Each entry below is to be transcribed exactly; pictures are not copied.

-- EXTRACTED ENTRIES follows --

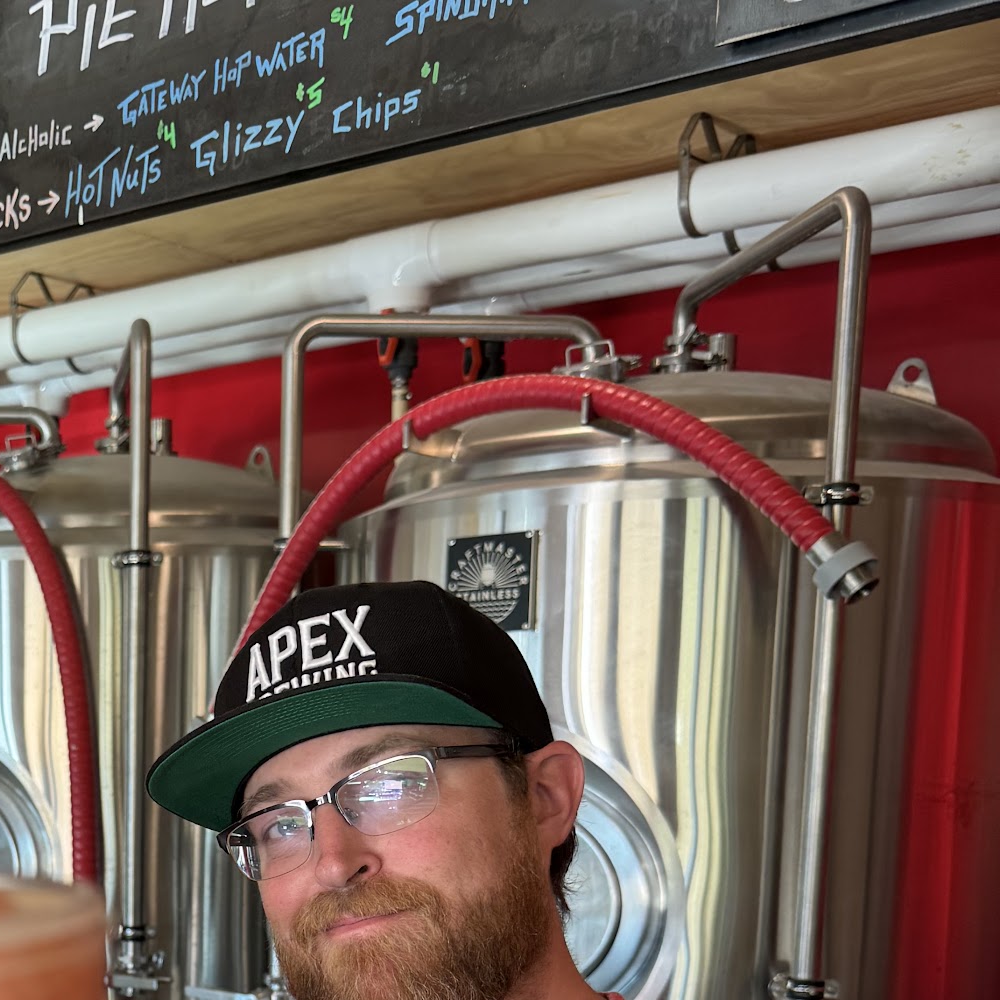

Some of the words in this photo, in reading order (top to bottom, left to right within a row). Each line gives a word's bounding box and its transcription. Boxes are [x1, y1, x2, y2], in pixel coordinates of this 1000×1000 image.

[117, 69, 207, 127] GATEWAY
[256, 28, 326, 77] WATER
[190, 110, 305, 176] Glizzy
[332, 89, 421, 134] Chips
[447, 541, 528, 592] CRAFTMASTER
[246, 604, 376, 703] APEX

-- EXTRACTED ENTRIES concluded --

**RESPONSE BELOW**
Some of the words in this photo, in reading order (top to bottom, left to right within a row). Each line gives a word's bounding box and its transcription. Boxes are [x1, y1, x2, y2], in pixel coordinates of this 1000×1000 image.

[117, 69, 207, 127] GATEWAY
[256, 28, 326, 77] WATER
[190, 110, 305, 176] Glizzy
[332, 89, 421, 134] Chips
[447, 541, 528, 592] CRAFTMASTER
[246, 604, 376, 703] APEX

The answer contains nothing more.